Personal information
- Full name: Romeo Benetti
- Date of birth: 20 October 1945 (age 80)
- Place of birth: Albaredo d'Adige, Italy
- Height: 5 ft 9 in (1.76 m)
- Position: Midfielder

Senior career*
- Years: Team / Apps / (Gls)
- 1963–1964: Bolzano / 31 / (10)
- 1964–1965: Siena / 31 / (7)
- 1965–1967: Taranto / 63 / (11)
- 1967–1968: Palermo / 35 / (2)
- 1968–1969: Juventus / 24 / (1)
- 1969–1970: Sampdoria / 27 / (2)
- 1970–1976: AC Milan / 170 / (32)
- 1976–1979: Juventus / 83 / (12)
- 1979–1981: AS Roma / 27 / (1)
- Total:  / 491 / (78)

International career
- 1971–1980: Italy / 55 / (2)

= Romeo Benetti =

Italian footballer

Romeo Benetti (/it/; born 20 October 1945) is an Italian professional footballer who played as a defensive midfielder. A tenacious and intimidating player, Benetti played for several Italian clubs throughout his career, winning titles with AC Milan, Juventus and AS Roma. At international level, he represented the Italy national football team on 55 occasions between 1971 and 1980, and took part at the 1974 and 1978 FIFA World Cups, as well as UEFA Euro 1980, achieving fourth-place finishes in the latter two tournaments.

==Club career==
After winning the 1967–68 Serie B title with Palermo, Benetti started his Serie A career in 1968 with Juventus, making 24 appearances and scoring a goal during his first season with the club. However, he did not remain at the club for long, and he joined Sampdoria on loan during the next season. His breakthrough came in the 1970–71 Serie A season, after joining AC Milan in 1970, helping the club to three consecutive second-place finishes in the league between 1970 and 1973. During his time at the club, he won the 1972–73 European Cup Winners' Cup, as well as two Coppa Italia trophies during the 1971–72 and 1972–73 seasons, later being named the club's captain, inheriting the armband from teammate Gianni Rivera. He also scored a memorable long-range goal in the Milan Derby against rivals Inter in March 1973.

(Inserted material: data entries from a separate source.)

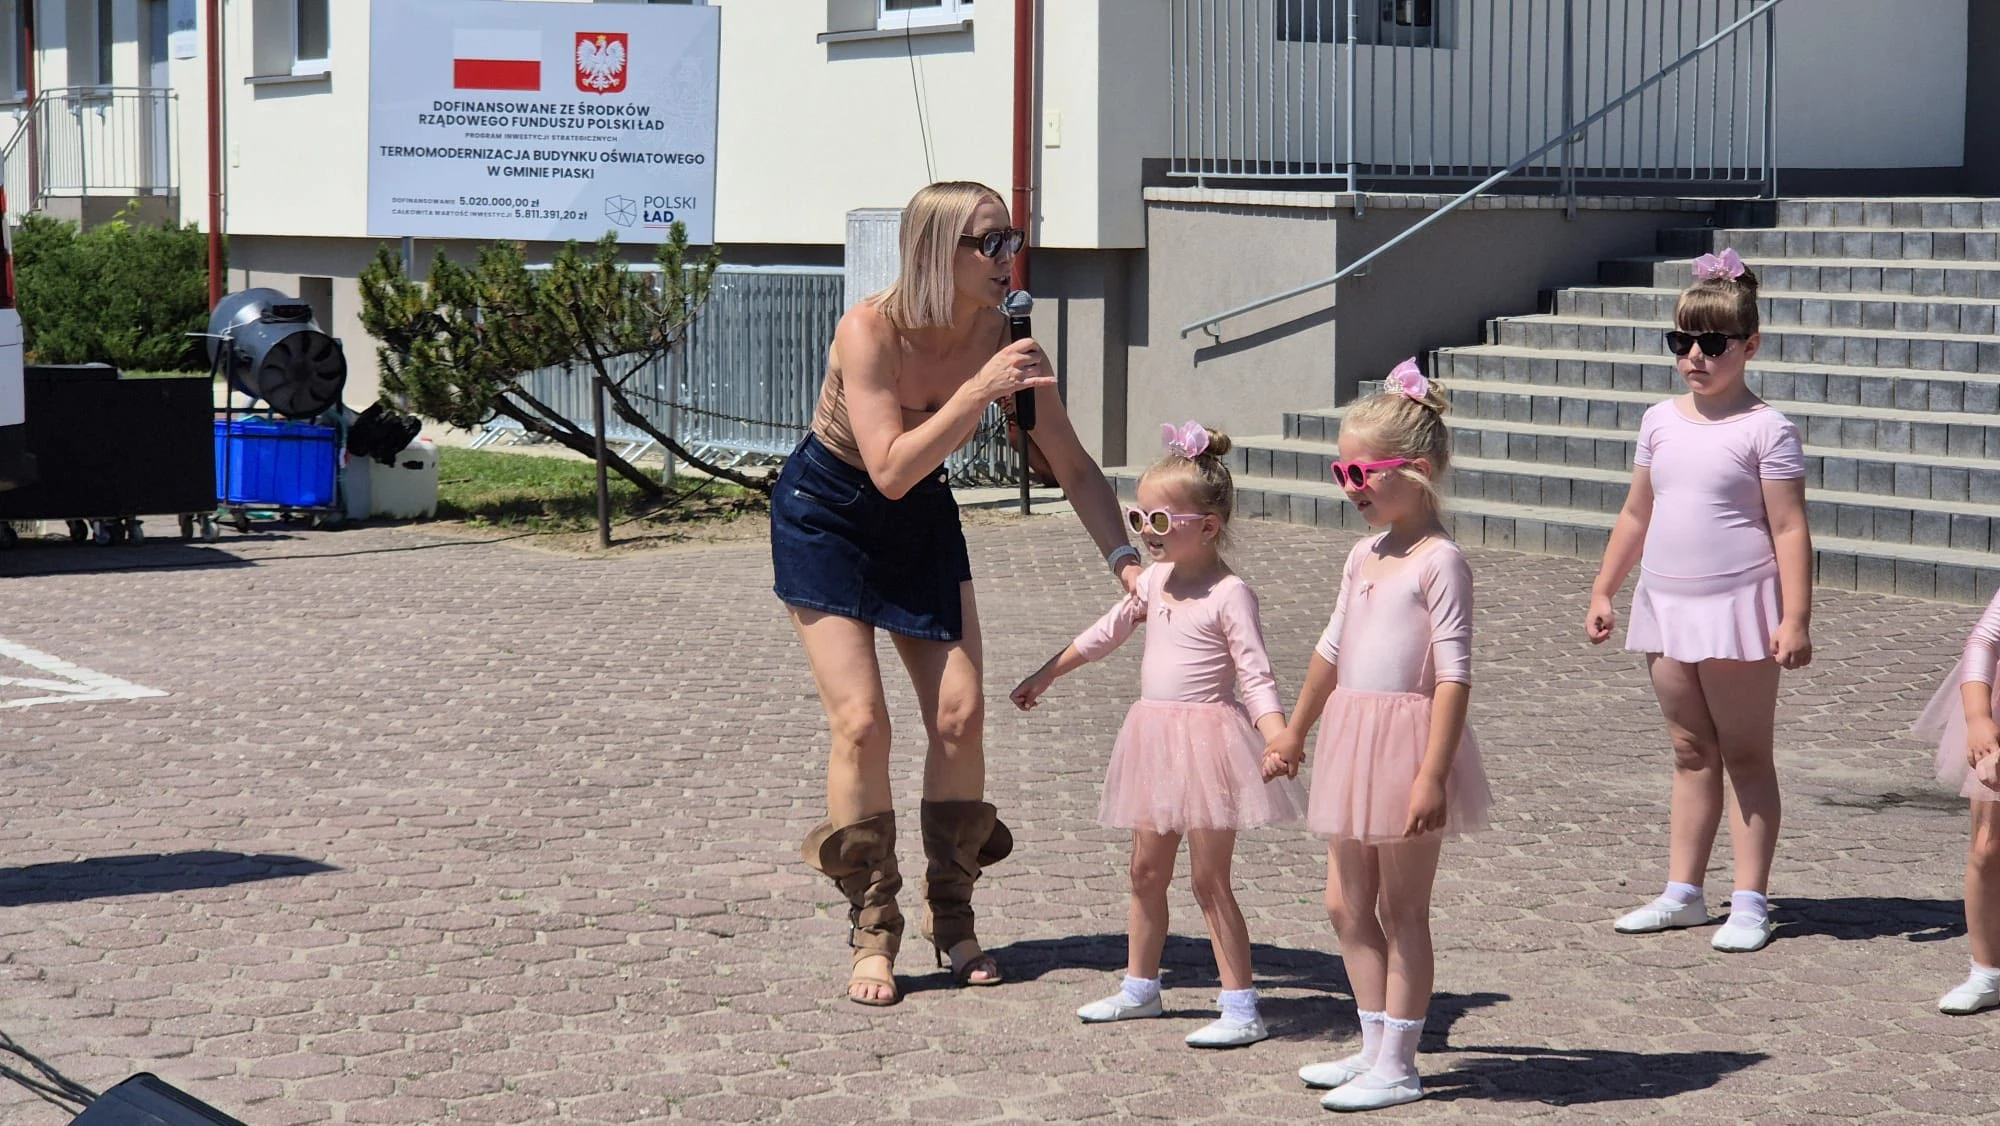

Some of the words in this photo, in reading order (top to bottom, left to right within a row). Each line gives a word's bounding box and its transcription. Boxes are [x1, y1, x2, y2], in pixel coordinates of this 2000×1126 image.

[433, 100, 557, 115] DOFINANSOWANE
[560, 104, 575, 115] ZE
[578, 101, 650, 116] ŚRODKÓW
[418, 114, 509, 128] RZĄDOWEGO
[512, 116, 585, 129] FUNDUSZU
[587, 118, 635, 130] POLSKI
[638, 119, 665, 131] ŁAD
[504, 133, 550, 141] INWESTYCJI
[551, 134, 618, 142] STRATEGICZNYCH
[379, 145, 531, 161] TERMOMODERNIZACJA
[533, 149, 597, 162] BUDYNKU
[600, 149, 705, 165] OŚWIATOWEGO
[487, 165, 500, 177] W
[503, 165, 549, 178] GMINIE
[552, 167, 594, 179] PIASKI
[459, 196, 529, 208] 5.020.000,00
[530, 198, 540, 208] zł
[643, 195, 697, 210] POLSKI
[514, 209, 577, 221] 5.811.391,20
[578, 210, 588, 220] zł
[643, 210, 675, 223] ŁAD
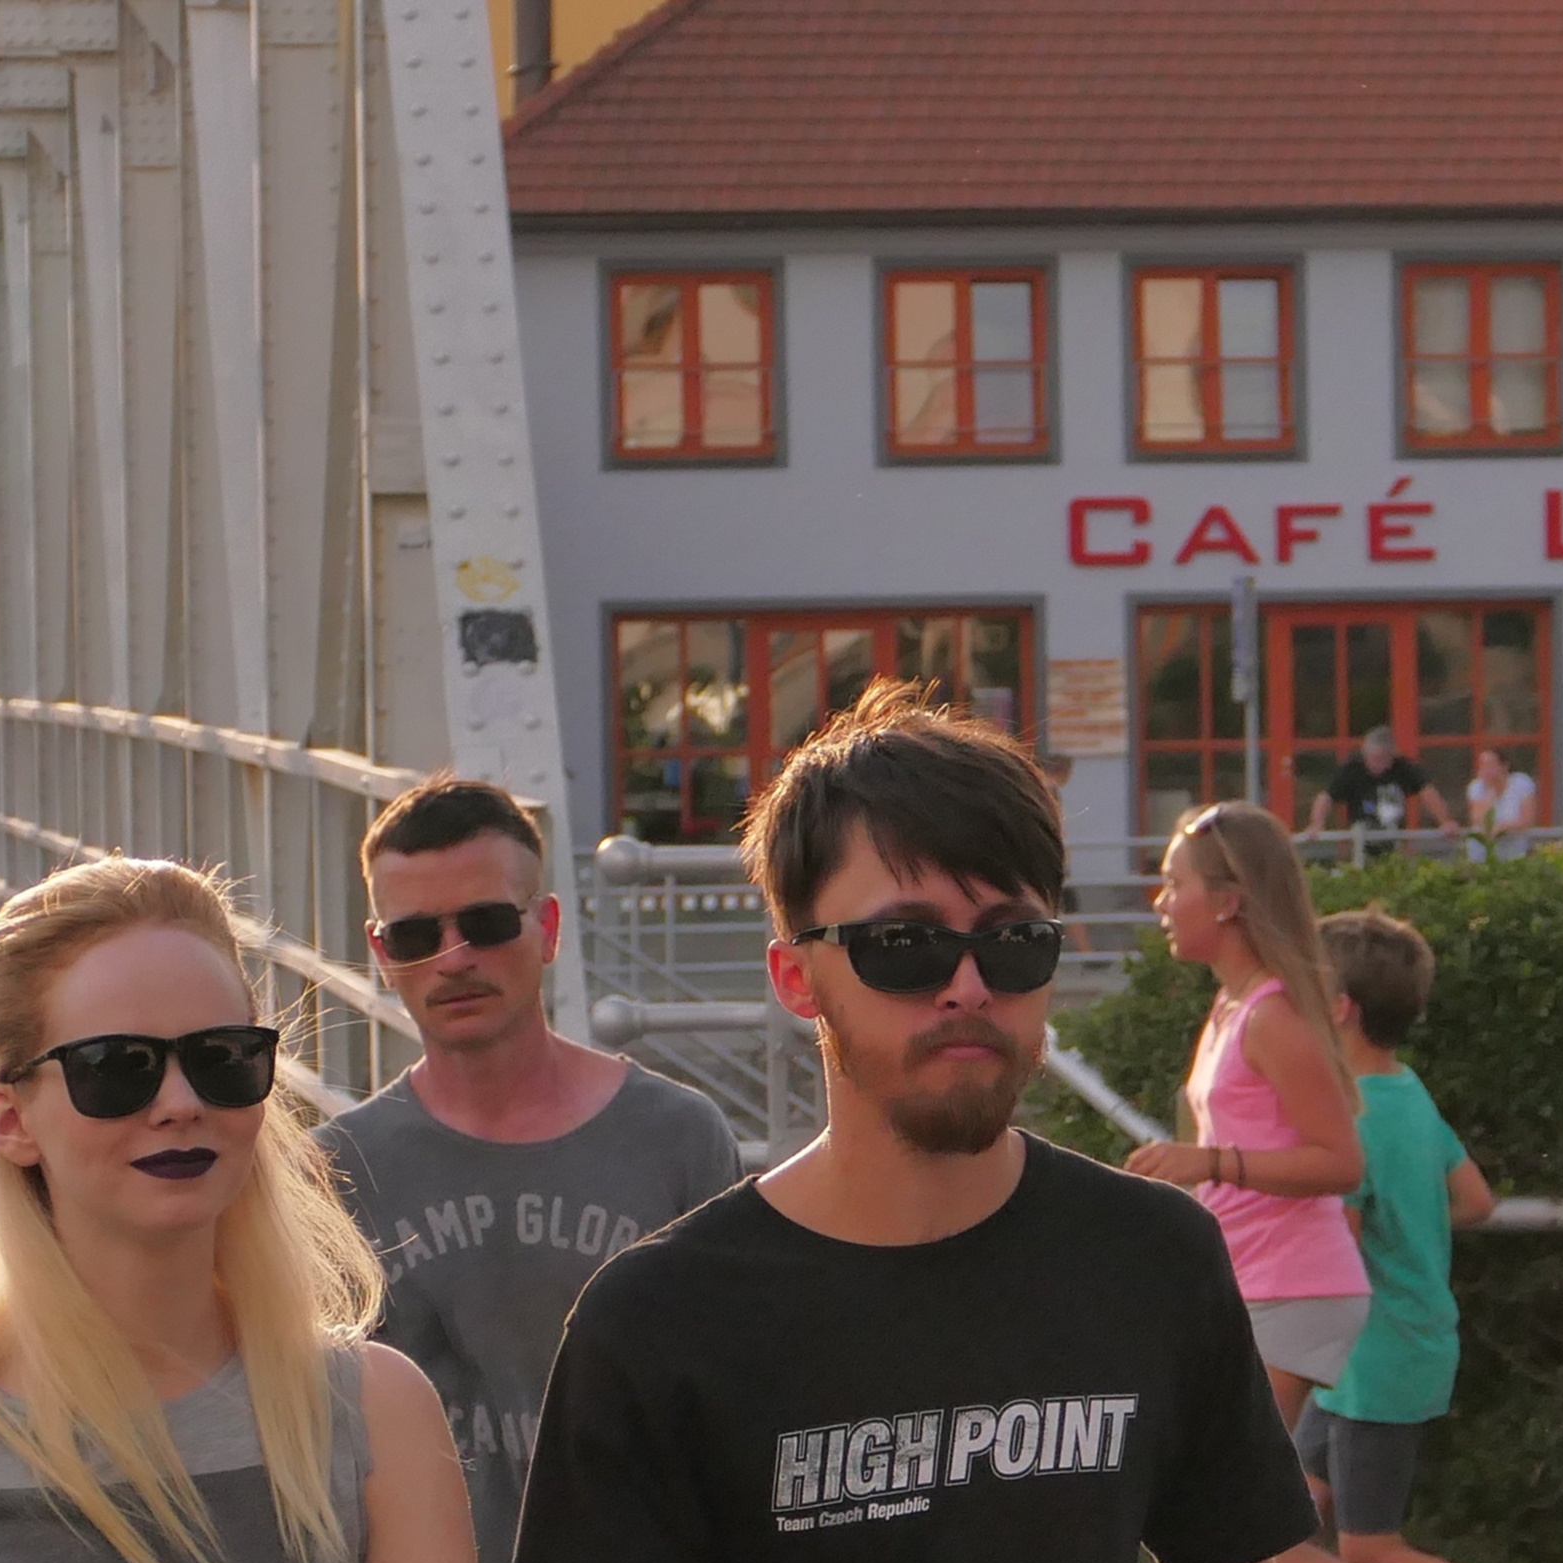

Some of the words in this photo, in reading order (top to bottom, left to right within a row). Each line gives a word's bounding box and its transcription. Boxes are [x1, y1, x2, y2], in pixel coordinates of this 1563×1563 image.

[1069, 475, 1436, 567] CAFÉ
[389, 1195, 495, 1284] AMP
[517, 1193, 648, 1260] GLOR
[772, 1410, 943, 1510] HIGH
[945, 1394, 1138, 1486] POINT
[776, 1516, 815, 1532] Team
[818, 1506, 863, 1528] Czech
[867, 1495, 930, 1520] Republic
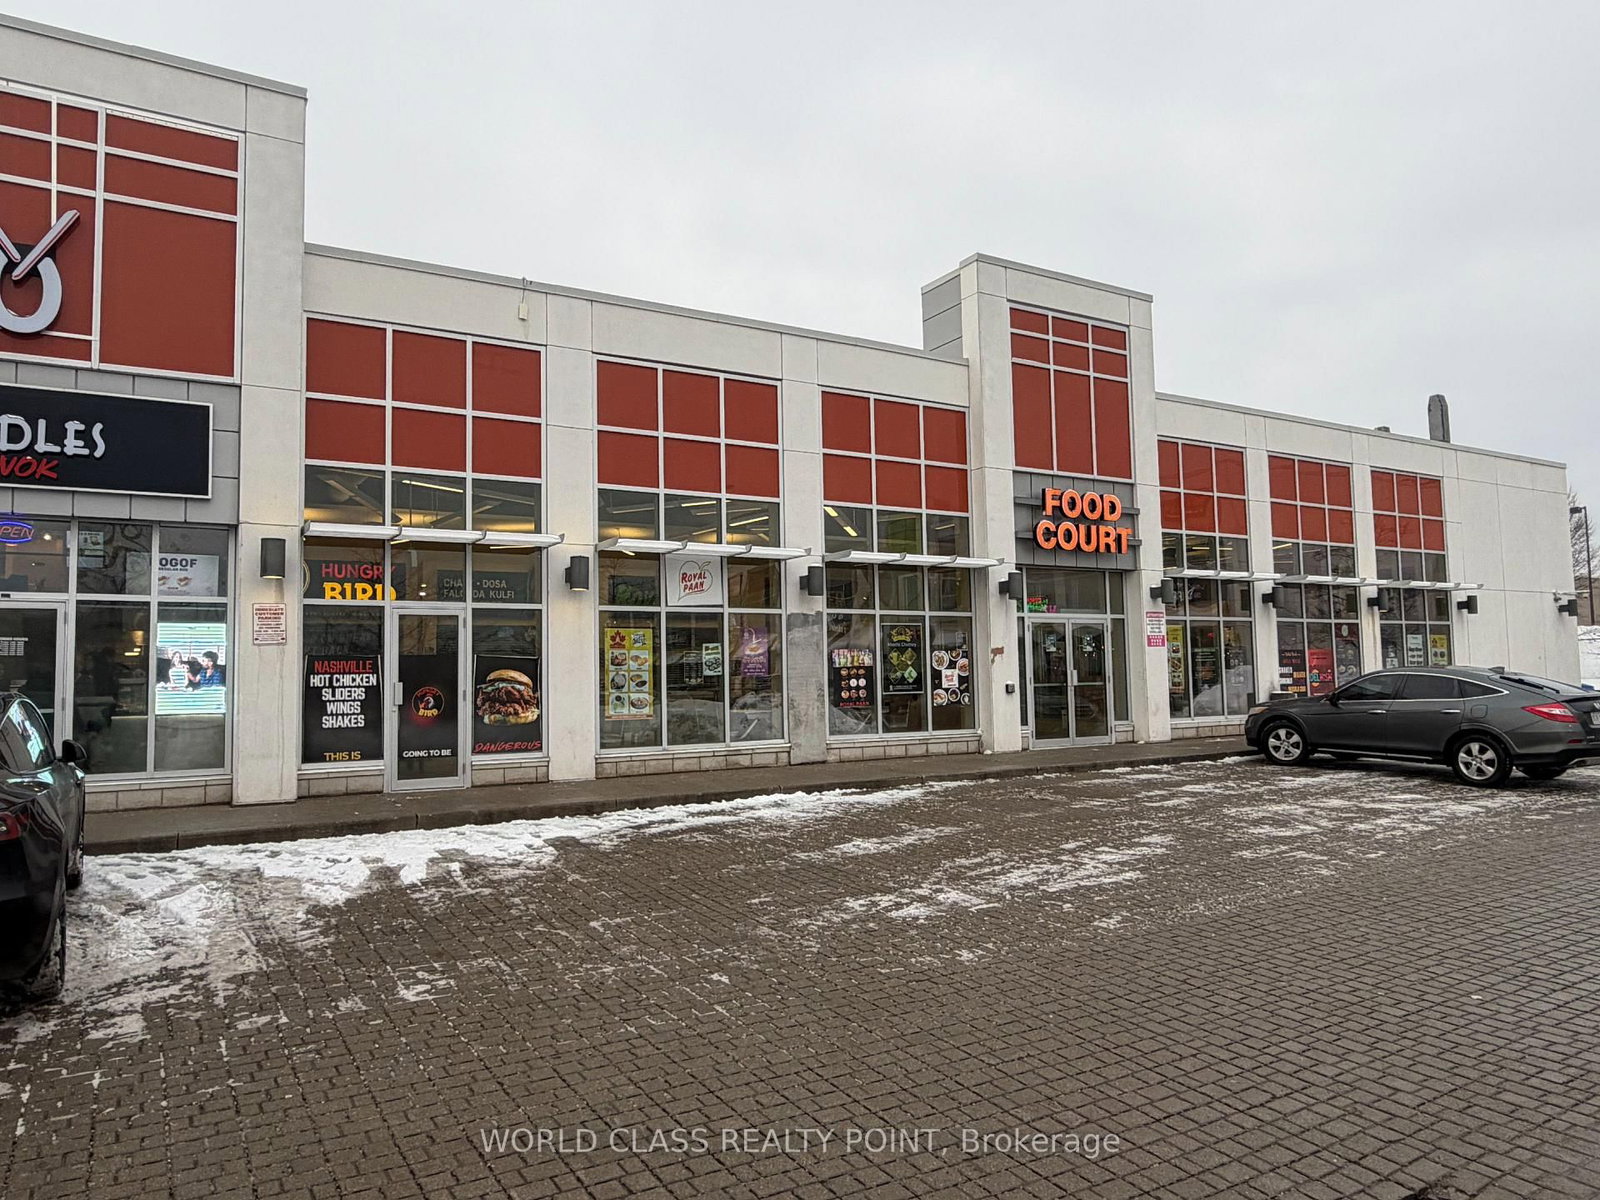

In 1976, he returned to Juventus and won the 1976–77 and 1977–78 Serie A titles, as well as the 1976–77 UEFA Cup, and the Coppa Italia during the 1978–79 season. As his career came to an end he transferred to Roma in 1979, where he remained until 1981, winning two more consecutive Coppa Italia titles before retiring.

==International career==
Benetti won 55 caps for Italy between 1971 and 1980, scoring 2 goals throughout his international career. He made his debut on 25 September 1971 against Mexico. He was member of the Italian squads that took part in the 1974 FIFA World Cup, and also in the 1978 FIFA World Cup, where he wore the number 10 shirt as Italy finished in fourth place; Benetti scored a goal from outside the area in the first round of the tournament, in a 3–1 victory over Hungary. He also took part at the 1980 UEFA European Championship with his country, on home soil, where he helped his team to the semi-finals, eventually finishing the tournament in fourth place once again; he made his final international appearance in the third-place match, which ended in a penalty shoot-out defeat to Czechoslovakia following a 1–1 draw after extra-time, although Benetti was able to net his penalty in the shoot-out. He was voted into Italy's all-time world cup team by website PlanetWorldCup.com and its members.

==Style of play==
Nicknamed Panzer (tank), El Tigre (the tiger), and Roccia (rock), Benetti was a tenacious, mobile, athletic, and complete midfielder, who was known in particular for his physical strength, stamina, charisma, determination, consistency, and leadership as footballer, as well as the trademark moustache that he bore for most of his career. Although he was initially deployed as a winger, he usually played as a central or defensive midfielder, and his hard-tackling style of play in this role epitomised the catenaccio tactics made famous by Italy during the 1970s. Despite being a predominantly defensive-minded player, he was also known for his goal-scoring ability from midfield, due to his powerful and accurate striking ability from distance. Furthermore, Benetti also possessed good technique and distribution, which enabled him to function as a deep-lying playmaker at times, and start attacking plays and create goalscoring opportunities after winning back the ball, in particular when playing in teams that lacked a true midfield playmaker. In 2007, he was voted in at number 30 in a list of Football's 50 Greatest Hardmen by The Times online.

==Honours==
Juventus
- Serie A: 1976–77, 1977–78
- UEFA Cup: 1976–77
- Coppa Italia: 1978–79

AC Milan
- Coppa Italia: 1971–72, 1972–73
- UEFA Cup Winners Cup: 1972–73

AS Roma
- Coppa Italia: 1979–80, 1980–81

Palermo
- Serie B: 1967–68

Italy
- FIFA World Cup: 1978 (fourth place)
- UEFA European Championship: 1980 (fourth place)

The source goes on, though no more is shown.